* [Exercise details]:
Leaving the images out, output each entry below exactly.

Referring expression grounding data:
○ ○ ○

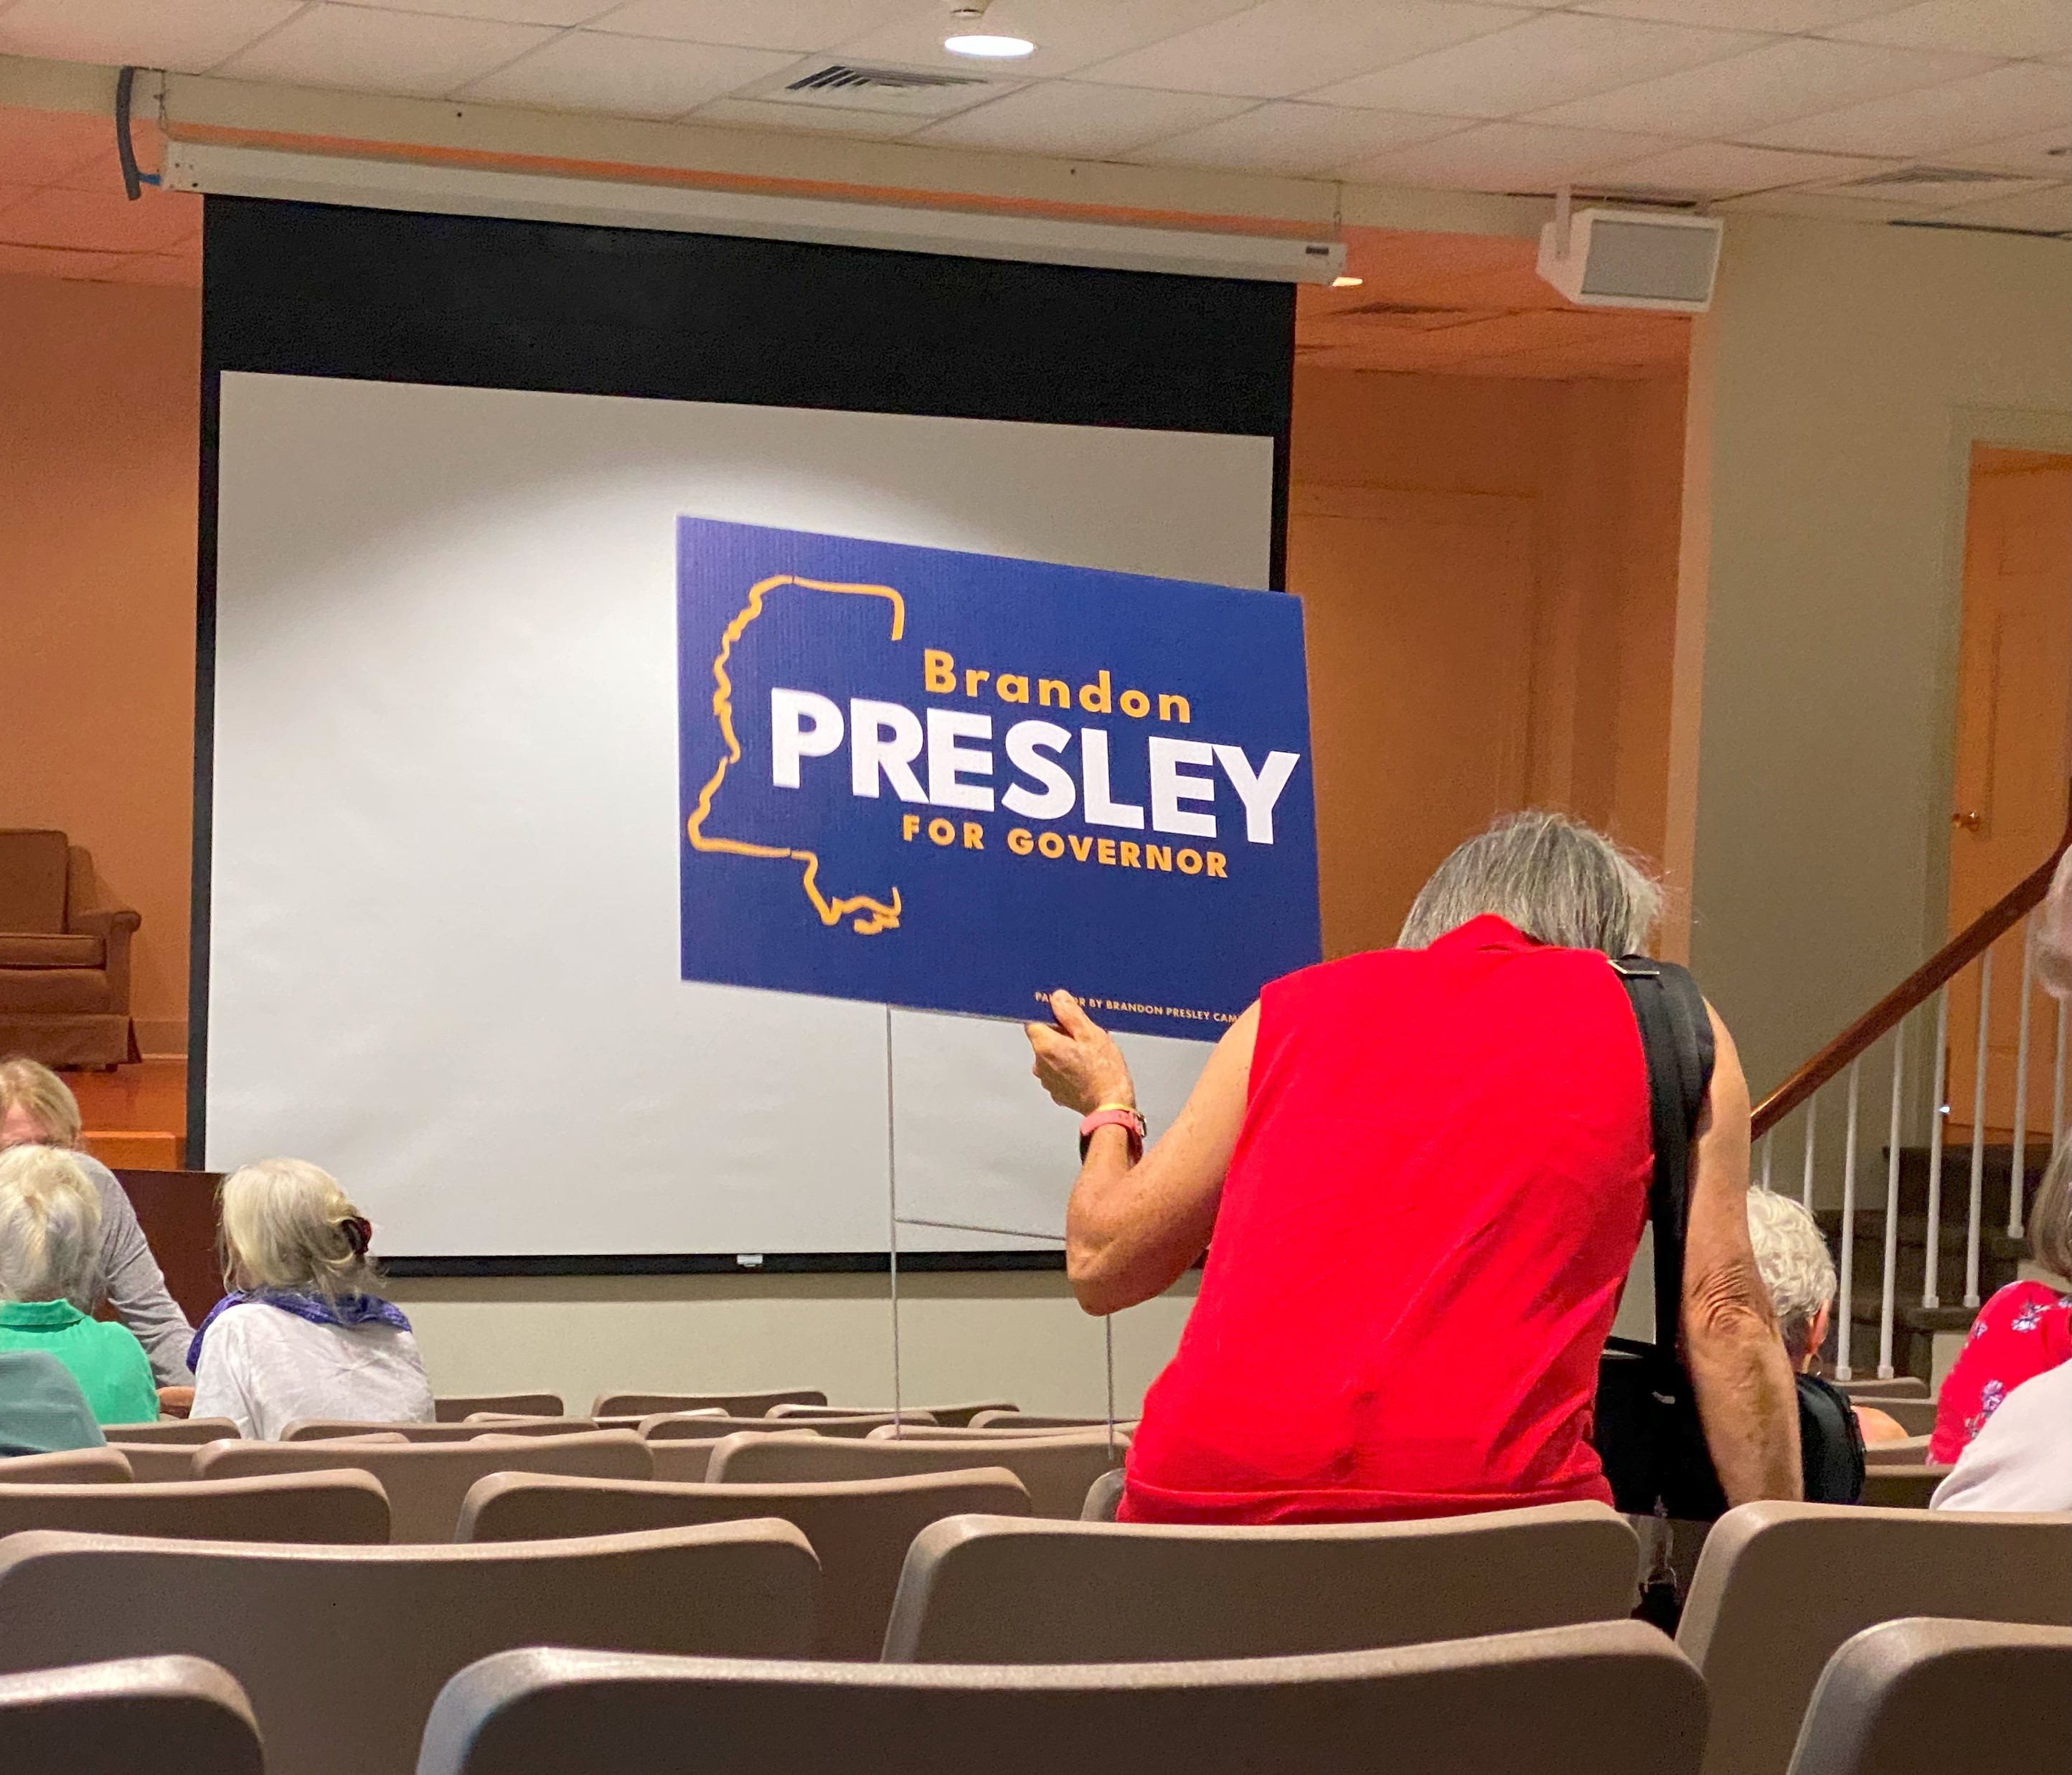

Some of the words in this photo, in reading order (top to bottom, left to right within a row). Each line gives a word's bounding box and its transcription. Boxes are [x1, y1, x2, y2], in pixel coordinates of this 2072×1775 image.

[923, 648, 1191, 723] Brandon
[771, 686, 1301, 845] PRESLEY
[902, 814, 984, 850] FOR
[1007, 827, 1228, 878] GOVERNOR
[1088, 998, 1102, 1009] BY
[1106, 999, 1163, 1015] BRANDON
[1166, 1007, 1210, 1020] PRESLEY
[1212, 1012, 1239, 1024] CAM

○ ○ ○

* [Output of the task]:
Some of the words in this photo, in reading order (top to bottom, left to right within a row). Each line gives a word's bounding box and its transcription. Boxes are [x1, y1, x2, y2], in pixel coordinates of this 2072×1775 image.

[923, 648, 1191, 723] Brandon
[771, 686, 1301, 845] PRESLEY
[902, 814, 984, 850] FOR
[1007, 827, 1228, 878] GOVERNOR
[1088, 998, 1102, 1009] BY
[1106, 999, 1163, 1015] BRANDON
[1166, 1007, 1210, 1020] PRESLEY
[1212, 1012, 1239, 1024] CAM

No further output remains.